» Work request
Transcribe the whole listing exactly, but do not carry over its pictures.

» Exercise inputs
+---+
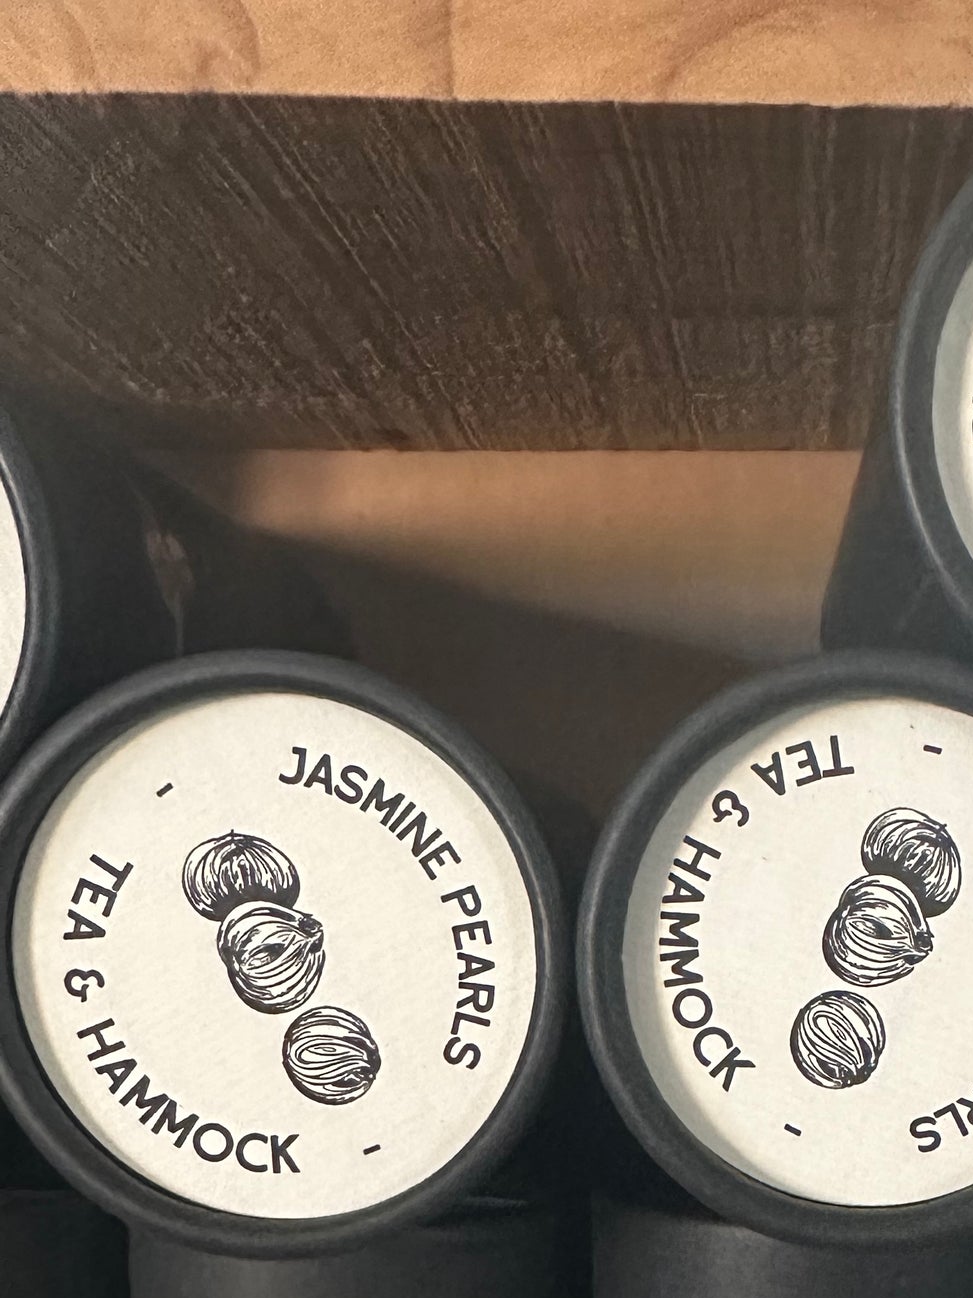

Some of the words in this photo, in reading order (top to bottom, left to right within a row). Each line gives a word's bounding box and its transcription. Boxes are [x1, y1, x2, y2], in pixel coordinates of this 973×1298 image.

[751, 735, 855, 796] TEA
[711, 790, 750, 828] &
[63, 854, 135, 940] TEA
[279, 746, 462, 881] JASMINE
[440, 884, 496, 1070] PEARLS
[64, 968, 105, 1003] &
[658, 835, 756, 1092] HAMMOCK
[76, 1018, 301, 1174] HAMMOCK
+---+
» Exercise output
Some of the words in this photo, in reading order (top to bottom, left to right within a row). Each line gives a word's bounding box and its transcription. Boxes are [x1, y1, x2, y2], in pixel coordinates of this 973×1298 image.

[751, 735, 855, 796] TEA
[711, 790, 750, 828] &
[63, 854, 135, 940] TEA
[279, 746, 462, 881] JASMINE
[440, 884, 496, 1070] PEARLS
[64, 968, 105, 1003] &
[658, 835, 756, 1092] HAMMOCK
[76, 1018, 301, 1174] HAMMOCK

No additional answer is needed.